The promising Thibaut Pinot would dearly love to make his Tour de France debut in 2012, given that stage 8 to Planche des Belles Filles passes though his home town of Mélisey, but Madiot hinted that he may instead choose to hand the youngster a leadership role at the Vuelta a España. Similarly, Démare is set to take his Grand Tour bow at the Giro d’Italia.
“That might be the case for Thibaut Pinot if we chose to send him to the Vuelta, but also for Démare at the Tour of Qatar or the Giro, so that he might learn how to race in a Grand Tour. The team will be built around him at the Giro. He has more of a chance of not winning than of winning, but we want to put ourselves in a situation where we could win with the young riders.”
While Sandy Casar is set to make a return to the Giro d’Italia, Arnold Jeannesson will lead FDJ-BigMat at the Tour de France. 15th overall in Paris last year, Madiot is hopeful that the 26-year-old can improve further in 2012.
“Jeannesson is going to be protected and have teammates who are going to shelter him from the wind and bring him up to the front of the race,” Madiot said. “He finished 15th on the Tour when nobody particularly expected much from him at this level. He is going to have a season more in line with his experience. I think he has become aware of his capacities and his qualities, which are perfectly suited to the Tour.”
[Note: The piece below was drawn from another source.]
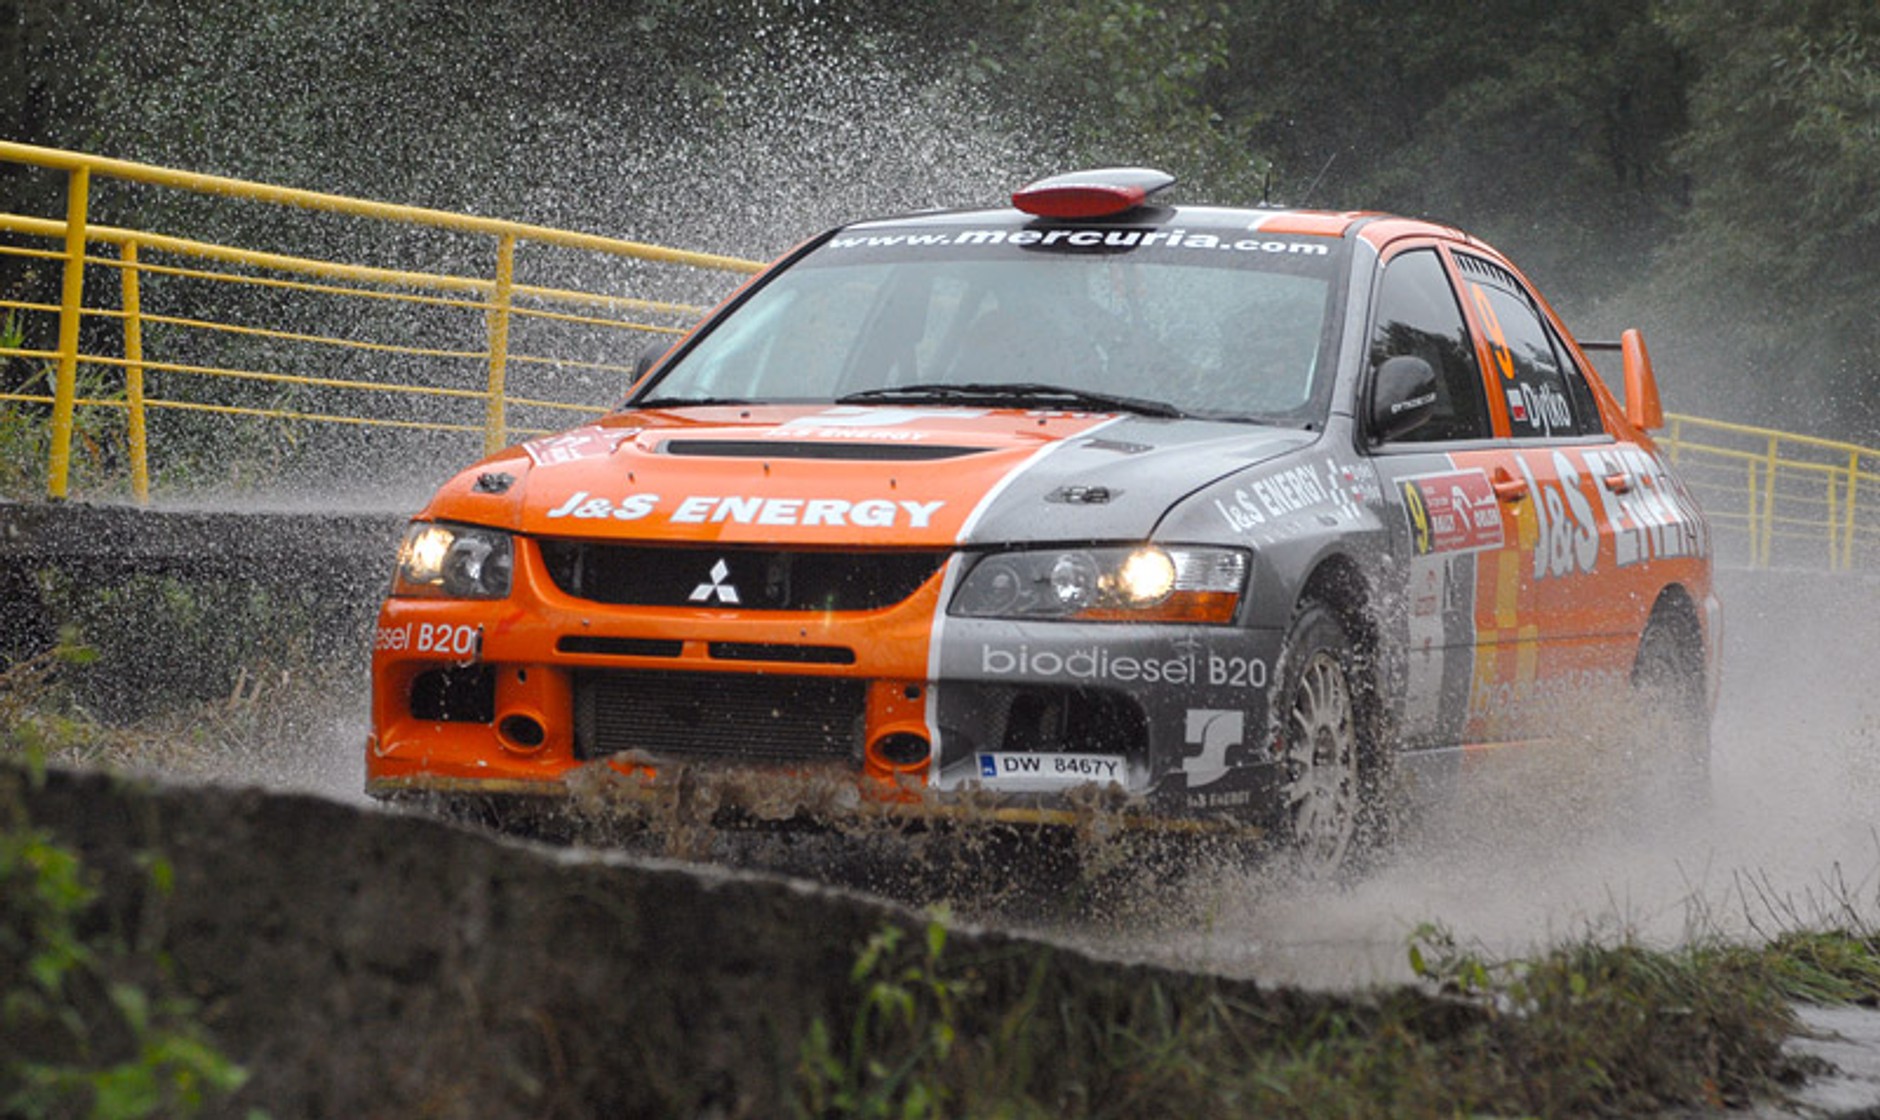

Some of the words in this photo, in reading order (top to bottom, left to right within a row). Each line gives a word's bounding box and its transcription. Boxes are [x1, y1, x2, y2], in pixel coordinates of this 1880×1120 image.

For another one of Madiot’s young guns, Yoann Offredo, the horizon is a little more clouded, however. In early January, it emerged that he had missed three doping controls in 2011, and now risks a two-year suspension. Madiot reiterated his team’s support for the whereabouts system as an anti-doping measure, but questioned the severity of the possible penalty faced by Offredo.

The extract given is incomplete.